[WORK TO COMPLETE] Give back every record word for word, keeping the pictures out.

[Free-text object descriptions]
::::::::::

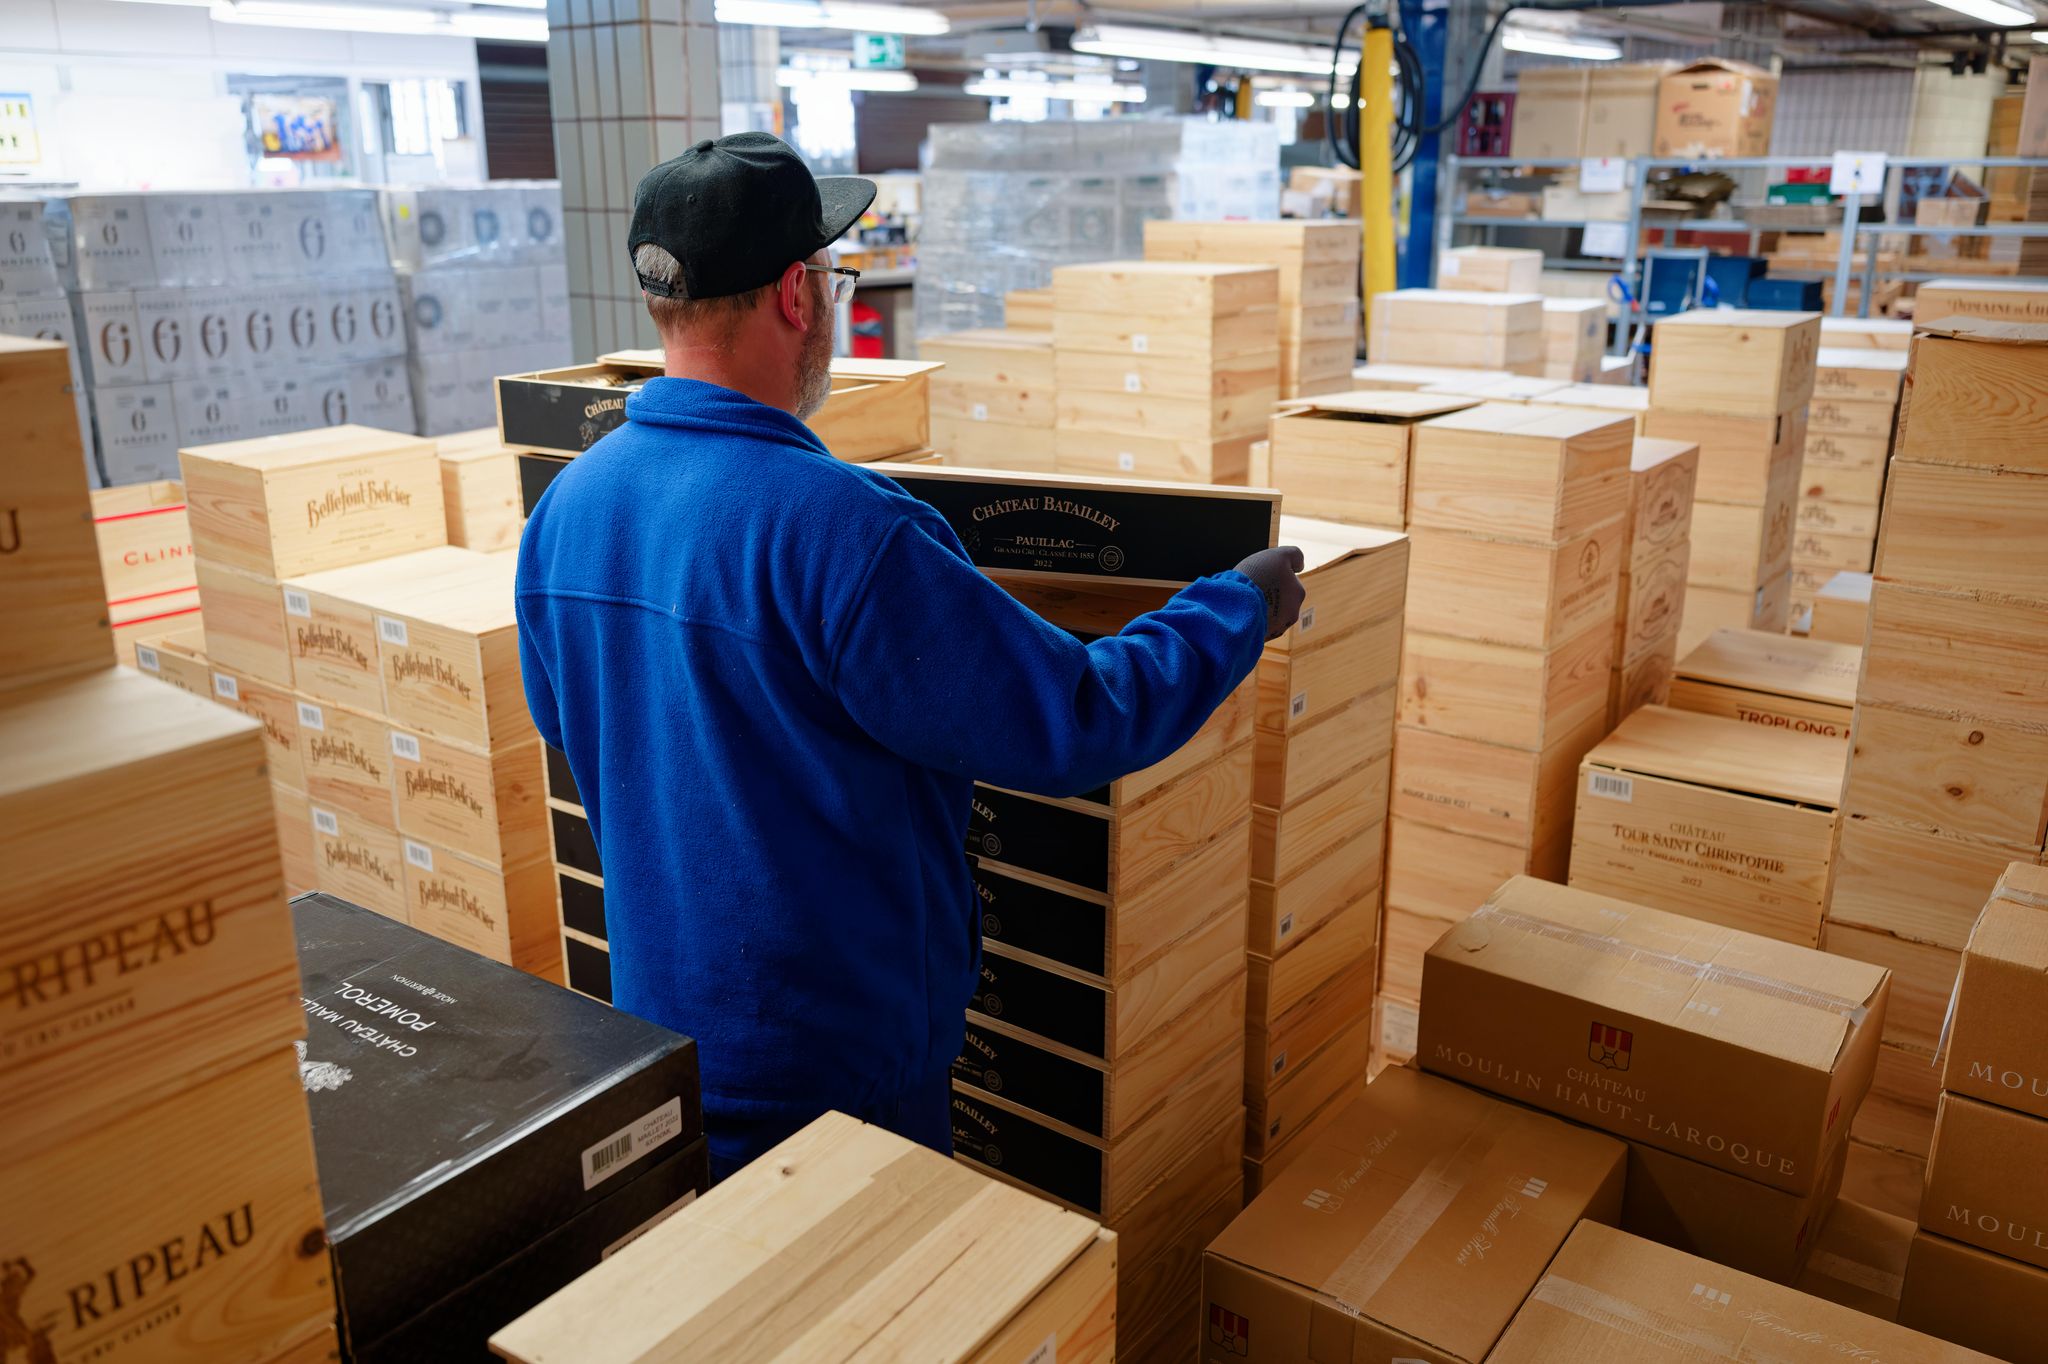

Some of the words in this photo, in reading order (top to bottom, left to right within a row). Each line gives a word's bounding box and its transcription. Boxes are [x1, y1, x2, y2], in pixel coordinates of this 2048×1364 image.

[584, 398, 624, 419] CHÂTEAU
[972, 497, 1040, 522] CHÂTEAU
[1043, 496, 1121, 533] BATAILLEY
[1016, 536, 1075, 549] PAUILLAC
[1080, 552, 1095, 560] 1855
[1033, 559, 1053, 568] 2022
[1736, 708, 1837, 738] TROPLONG
[1612, 823, 1650, 845] TOUR
[1652, 832, 1692, 853] SAINT
[1695, 841, 1785, 875] CHRISTOPHE
[1669, 822, 1726, 841] CHÂTEAU
[12, 899, 216, 1010] RIPEAU
[299, 997, 345, 1024] MAILL
[333, 981, 437, 1032] POMEROL
[337, 1019, 418, 1058] CHÂTEAU
[1566, 1065, 1647, 1104] CHÂTEAU
[1968, 1061, 2048, 1097] MOU
[1434, 1043, 1542, 1091] MOULIN
[1555, 1083, 1795, 1177] HAUT-LAROQUE
[1945, 1205, 2048, 1250] MOUL
[66, 1200, 255, 1331] RIPEAU

::::::::::

[ANSWER TO THIS PROBLEM]
Some of the words in this photo, in reading order (top to bottom, left to right within a row). Each line gives a word's bounding box and its transcription. Boxes are [x1, y1, x2, y2], in pixel coordinates of this 2048×1364 image.

[584, 398, 624, 419] CHÂTEAU
[972, 497, 1040, 522] CHÂTEAU
[1043, 496, 1121, 533] BATAILLEY
[1016, 536, 1075, 549] PAUILLAC
[1080, 552, 1095, 560] 1855
[1033, 559, 1053, 568] 2022
[1736, 708, 1837, 738] TROPLONG
[1612, 823, 1650, 845] TOUR
[1652, 832, 1692, 853] SAINT
[1695, 841, 1785, 875] CHRISTOPHE
[1669, 822, 1726, 841] CHÂTEAU
[12, 899, 216, 1010] RIPEAU
[299, 997, 345, 1024] MAILL
[333, 981, 437, 1032] POMEROL
[337, 1019, 418, 1058] CHÂTEAU
[1566, 1065, 1647, 1104] CHÂTEAU
[1968, 1061, 2048, 1097] MOU
[1434, 1043, 1542, 1091] MOULIN
[1555, 1083, 1795, 1177] HAUT-LAROQUE
[1945, 1205, 2048, 1250] MOUL
[66, 1200, 255, 1331] RIPEAU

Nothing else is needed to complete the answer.